I kind of liked some aspects of Bret Lott’s Jewel (the lyrical voice, the emotional connection to the characters), so when I saw he had edited a collection, I decided to give it a try. The title made me wonder if anyone was creating good literary works that dealt with transcendent themes, but Lott terrible selections responded with a resounding no. What he promises, in the introduction, is literary fiction. What we get is half-craft moralistic fluff. Why is it that so many religious authors resort to the moralistic fable? Why is it that they refuse to make characters actually do something evil? (unless they are roundly punished in the end) What can’t they curse like real human beings? (saying that a character said a word beginning with “D” and ending with “it”, is not, as one of these authors assumes, transgressive) Where are the Flannery O’Connors of today?
In fact, Lott picked such horrible selections (on some of these, the prose sounds like something straight from a young adult series) that it made me wonder whether the publisher wanted only to capture the evangelical market, rather than anyone who is near literate. The answer did lie in the publisher: WestBow is a publisher for “Christian” novels, which means they did want him to select goodie-goodie stories free of any nasty elements that might ruffle conservative feathers. Westbow even sponsored the contest that one of the included stories won, for which they promised a book contract. The question then is why Lott would agree to put his name on a collection like this – perhaps his taste is not quite as good as it seems. In the end, I guess to get a real anthology of Christian stories, you need a secular publisher to publish it.
Labels: Bret Lott
4 comments
I think you’re right – Lott, from what I know of him, does have good writing skills, and yes, as an editor of Southern Review, generally has good taste. So I’ll blame this one on the publisher. Thanks for checking out the site!
I forgot to add that Lott edits the Southern Review…
I took a workshop from Lott this summer. He actually does have a good sense of story (although certainly opinionated), and is not only concerned with “morality tales.” I hesitate to pick up this collection, even before reading your review. My sense is that a Chistian-market publisher, even a “risky” one like WestBow, is still too restrictive. Something like Image Journal though, is better.
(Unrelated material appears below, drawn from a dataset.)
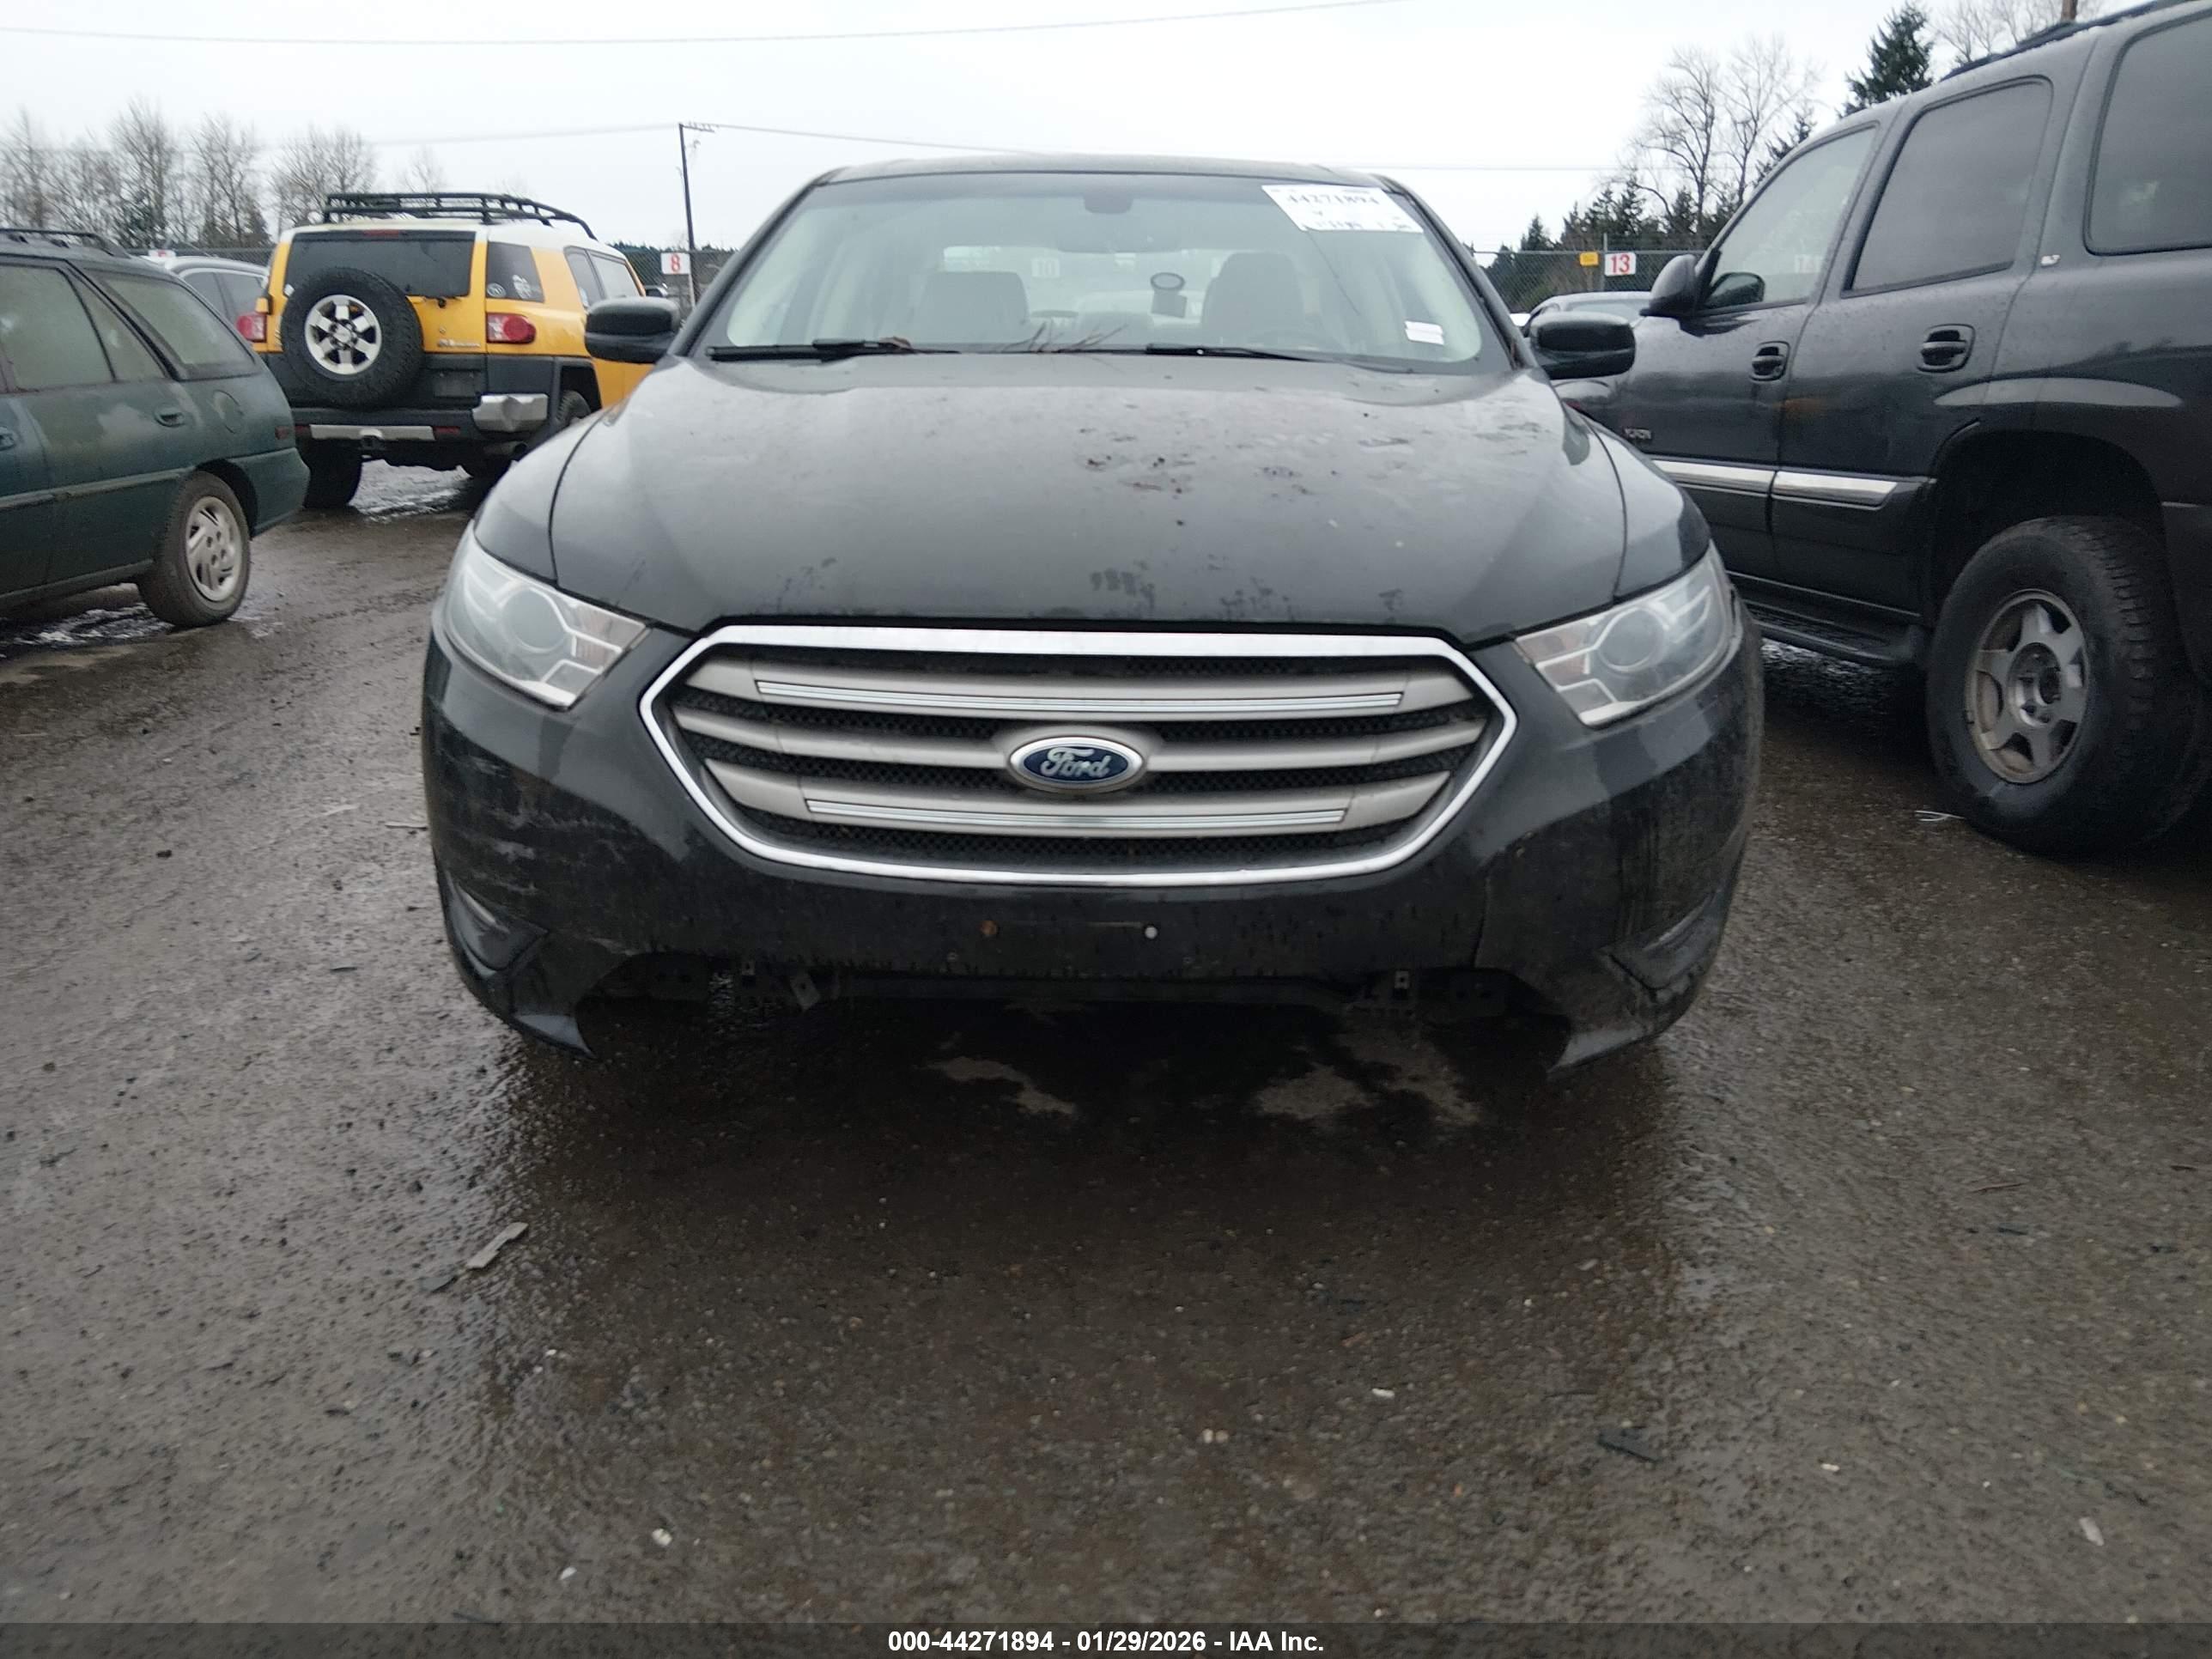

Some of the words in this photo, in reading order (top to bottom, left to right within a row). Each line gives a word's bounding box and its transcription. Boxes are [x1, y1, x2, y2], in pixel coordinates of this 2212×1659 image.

[670, 253, 681, 273] 8
[1610, 253, 1631, 274] 13
[1041, 746, 1112, 778] Ford
Hi there–great blog! I ran into this as I was looking for bloggers who shared a love of Flannery O’Connor (or at least mentioned her). I think the reason there are so few current writers out there writing like O’Connor is that there are so few publishers willing to take a chance on that kind of writing. I am a Christian writer myself, and so far have struggled to find a literary magazine that will publish me. It seems I’m too “Christian” for secular magazines but too “dark” or too “transgressive” for Christian publishers. This happens in creative writing workshops too. My secular colleagues often don’t like or don’t fully understand the stories I write, even though the last thing I want to do is preach to them. It’s like if you’re in a creative writing program now you can’t address spiritual issues at all (except maybe the Seattle program). And yet the Christian publishers want formula–and a pretty bad formula, at that. Sigh. I have no other answers, only commiseration.